The refugees I met faced a dilemma: The best way to leave the camps through resettlement seemed to be to stay there ever longer, without forging any connections. But there was a distinct and persistent possibility that priorities might change and render this long-term, difficult effort meaningless.
Families in these camps were often separated as a consequence of UNHCR policies. A case in point is Amin Amey, who was in his 20s when he reported having been separated from his parents in 1991 when he was 9 years old. He later reunited with his mother, but he was separated from her again when he was resettled in Sweden. According to a report in The Refugee newsletter, a publication that circulates in the camps, “The dream that Amey waited for two decades finally became true when the UNHCR contacted him about his departure to his new home, Sweden. … However, Amey’s final days in the camp were also filled with [a] mixture of happy and sad emotions. His mother, who was missing without a trace for 15 years, reunited with him only days before this departure. Amey said he couldn’t include his mother because she is not a registered refugee.” It is quite likely that Amey was actually reunited with his mother earlier and that he had kept their relationship a secret for fear of it derailing his resettlement.
Others were motivated by circumstances to lie and cover up their relations in order to reinforce their vulnerabilities. Noor (a pseudonym), for example, had a sister whose family had been hurriedly evacuated to a European country amid heavy fighting in Mogadishu in 2005. They left behind her husband’s second wife and children. Eventually, the brother-in-law’s second family was cleared to join the rest of the family in Europe, but prior to their departure, they perished in a shell attack. This tragic incident provided a precious opportunity that could not be wasted: Following his sister’s advice, Noor asked his own wife and child to assume the identities of the dead so they would be granted passage to Europe. They did so, leaving Noor behind.
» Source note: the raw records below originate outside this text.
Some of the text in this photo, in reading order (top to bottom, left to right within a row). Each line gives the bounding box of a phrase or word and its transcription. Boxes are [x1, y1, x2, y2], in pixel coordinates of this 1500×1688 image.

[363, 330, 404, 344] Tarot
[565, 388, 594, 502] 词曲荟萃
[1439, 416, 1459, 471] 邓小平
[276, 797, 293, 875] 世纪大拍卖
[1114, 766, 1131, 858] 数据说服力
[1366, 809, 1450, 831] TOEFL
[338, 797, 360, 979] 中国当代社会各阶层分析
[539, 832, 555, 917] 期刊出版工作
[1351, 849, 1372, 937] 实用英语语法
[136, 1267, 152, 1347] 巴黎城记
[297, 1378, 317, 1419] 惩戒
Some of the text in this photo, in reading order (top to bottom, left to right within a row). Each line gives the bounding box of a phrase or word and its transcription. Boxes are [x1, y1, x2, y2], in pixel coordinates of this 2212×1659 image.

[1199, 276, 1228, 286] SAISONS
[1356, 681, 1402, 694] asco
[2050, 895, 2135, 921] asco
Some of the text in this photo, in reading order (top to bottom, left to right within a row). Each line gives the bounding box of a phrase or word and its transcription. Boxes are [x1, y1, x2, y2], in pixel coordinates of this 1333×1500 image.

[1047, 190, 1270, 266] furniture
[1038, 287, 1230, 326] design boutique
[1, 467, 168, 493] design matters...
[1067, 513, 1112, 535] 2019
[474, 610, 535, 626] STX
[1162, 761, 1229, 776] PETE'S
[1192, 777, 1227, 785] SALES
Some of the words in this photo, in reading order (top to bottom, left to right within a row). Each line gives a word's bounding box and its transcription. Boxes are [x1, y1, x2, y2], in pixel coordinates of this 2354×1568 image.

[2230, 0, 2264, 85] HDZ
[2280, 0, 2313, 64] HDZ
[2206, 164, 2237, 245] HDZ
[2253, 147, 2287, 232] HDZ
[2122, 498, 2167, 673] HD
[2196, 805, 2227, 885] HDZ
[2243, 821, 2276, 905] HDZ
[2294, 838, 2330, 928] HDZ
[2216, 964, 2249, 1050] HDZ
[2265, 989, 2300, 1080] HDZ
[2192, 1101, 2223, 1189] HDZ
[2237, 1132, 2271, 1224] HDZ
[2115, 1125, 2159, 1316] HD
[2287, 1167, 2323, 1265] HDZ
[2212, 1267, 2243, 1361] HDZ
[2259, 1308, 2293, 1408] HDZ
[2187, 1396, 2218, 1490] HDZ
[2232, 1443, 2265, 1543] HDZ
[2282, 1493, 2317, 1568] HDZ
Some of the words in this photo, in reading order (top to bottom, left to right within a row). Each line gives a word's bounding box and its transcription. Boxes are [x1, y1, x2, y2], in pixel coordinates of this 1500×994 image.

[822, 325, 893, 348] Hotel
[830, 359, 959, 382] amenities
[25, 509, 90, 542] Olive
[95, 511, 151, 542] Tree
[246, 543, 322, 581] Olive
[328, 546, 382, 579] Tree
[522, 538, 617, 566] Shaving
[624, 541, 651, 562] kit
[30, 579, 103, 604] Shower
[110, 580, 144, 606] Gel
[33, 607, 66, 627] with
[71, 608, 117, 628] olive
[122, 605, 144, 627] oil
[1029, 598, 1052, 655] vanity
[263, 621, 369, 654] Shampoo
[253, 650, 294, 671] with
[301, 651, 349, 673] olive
Noor hoped to follow, but five years later, his resettlement was still elusive. When I visited him in 2012, he had just received the sad news that his wife was requesting a divorce so she could marry a man she had met in Europe. At first, he refused to grant it, but he later consented when he realized that his “vulnerability” as the only surviving member of his family would come under scrutiny if officials discovered the existence of his wife, who had assumed a different identity. This seemed more likely if he prolonged the divorce negotiations.
Because of the long history of cross-border interactions between refugees and locals, it was almost impossible for refugees not to have connections outside the camps. The UNHCR guidelines prompted people to mask or undermine these connections, which made their lives more difficult. As another example of this problem, refugees who had integrated into Kenyan urban centers would regularly travel back to be confirmed as camp residents during refugee verification exercises, disrupting their lives for the sake of appearing more vulnerable.
Humanitarian policies do not often map perfectly onto the way people manage their lives. That perhaps cannot change. But organizations like the UNHCR should pay more attention to local nuances and complexities, and attempt to minimize the unintended and undesirable consequences of their policies. The most vulnerable of our societies should not be encouraged to invest in preserving their vulnerabilities.
Fred Nyongesa Ikanda is the chair of the sociology and anthropology department at Maseno University in Kenya.